• Dataset records:
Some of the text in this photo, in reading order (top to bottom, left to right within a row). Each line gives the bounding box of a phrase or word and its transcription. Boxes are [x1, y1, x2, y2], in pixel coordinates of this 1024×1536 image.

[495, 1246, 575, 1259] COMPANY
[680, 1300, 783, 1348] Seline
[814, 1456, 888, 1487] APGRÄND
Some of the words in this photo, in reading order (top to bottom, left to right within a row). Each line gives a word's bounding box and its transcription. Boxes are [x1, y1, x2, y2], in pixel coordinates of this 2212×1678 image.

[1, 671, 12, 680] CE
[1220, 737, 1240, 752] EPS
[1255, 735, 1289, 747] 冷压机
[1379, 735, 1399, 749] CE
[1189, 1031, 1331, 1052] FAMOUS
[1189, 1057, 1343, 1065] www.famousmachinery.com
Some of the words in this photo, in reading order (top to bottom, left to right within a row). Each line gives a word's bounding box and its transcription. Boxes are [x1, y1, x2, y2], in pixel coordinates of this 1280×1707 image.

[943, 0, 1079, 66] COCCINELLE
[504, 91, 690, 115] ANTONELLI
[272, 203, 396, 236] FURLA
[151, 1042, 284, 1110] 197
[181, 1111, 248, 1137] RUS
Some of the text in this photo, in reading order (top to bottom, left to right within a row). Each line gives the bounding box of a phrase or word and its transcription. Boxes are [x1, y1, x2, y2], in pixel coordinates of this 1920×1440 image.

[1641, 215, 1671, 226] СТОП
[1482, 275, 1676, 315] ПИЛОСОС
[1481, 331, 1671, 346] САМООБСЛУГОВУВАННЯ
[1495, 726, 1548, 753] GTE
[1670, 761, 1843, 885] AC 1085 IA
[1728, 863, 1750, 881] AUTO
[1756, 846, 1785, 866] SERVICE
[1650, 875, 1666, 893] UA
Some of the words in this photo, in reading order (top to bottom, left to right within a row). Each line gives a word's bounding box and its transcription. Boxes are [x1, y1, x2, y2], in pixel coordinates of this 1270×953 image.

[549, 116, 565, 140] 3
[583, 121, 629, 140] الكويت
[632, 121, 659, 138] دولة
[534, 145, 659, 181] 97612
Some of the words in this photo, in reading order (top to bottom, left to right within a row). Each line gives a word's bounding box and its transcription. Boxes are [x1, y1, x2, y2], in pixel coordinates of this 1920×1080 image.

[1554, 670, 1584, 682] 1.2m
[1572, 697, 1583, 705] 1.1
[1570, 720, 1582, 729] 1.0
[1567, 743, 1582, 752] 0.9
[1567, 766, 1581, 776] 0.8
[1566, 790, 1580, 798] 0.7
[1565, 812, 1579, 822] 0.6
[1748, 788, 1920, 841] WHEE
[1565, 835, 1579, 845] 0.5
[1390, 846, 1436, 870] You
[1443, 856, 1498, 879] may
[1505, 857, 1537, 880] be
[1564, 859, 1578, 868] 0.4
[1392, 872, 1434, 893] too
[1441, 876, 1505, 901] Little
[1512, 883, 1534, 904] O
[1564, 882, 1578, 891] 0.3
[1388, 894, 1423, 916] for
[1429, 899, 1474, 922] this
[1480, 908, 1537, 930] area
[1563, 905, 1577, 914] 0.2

• Problem to solve: Repeat the line that contains "this 1270×953 image.", then every line after it until the records end, with nothing added.

• Result of the exercise:
Some of the words in this photo, in reading order (top to bottom, left to right within a row). Each line gives a word's bounding box and its transcription. Boxes are [x1, y1, x2, y2], in pixel coordinates of this 1270×953 image.

[549, 116, 565, 140] 3
[583, 121, 629, 140] الكويت
[632, 121, 659, 138] دولة
[534, 145, 659, 181] 97612
Some of the words in this photo, in reading order (top to bottom, left to right within a row). Each line gives a word's bounding box and its transcription. Boxes are [x1, y1, x2, y2], in pixel coordinates of this 1920×1080 image.

[1554, 670, 1584, 682] 1.2m
[1572, 697, 1583, 705] 1.1
[1570, 720, 1582, 729] 1.0
[1567, 743, 1582, 752] 0.9
[1567, 766, 1581, 776] 0.8
[1566, 790, 1580, 798] 0.7
[1565, 812, 1579, 822] 0.6
[1748, 788, 1920, 841] WHEE
[1565, 835, 1579, 845] 0.5
[1390, 846, 1436, 870] You
[1443, 856, 1498, 879] may
[1505, 857, 1537, 880] be
[1564, 859, 1578, 868] 0.4
[1392, 872, 1434, 893] too
[1441, 876, 1505, 901] Little
[1512, 883, 1534, 904] O
[1564, 882, 1578, 891] 0.3
[1388, 894, 1423, 916] for
[1429, 899, 1474, 922] this
[1480, 908, 1537, 930] area
[1563, 905, 1577, 914] 0.2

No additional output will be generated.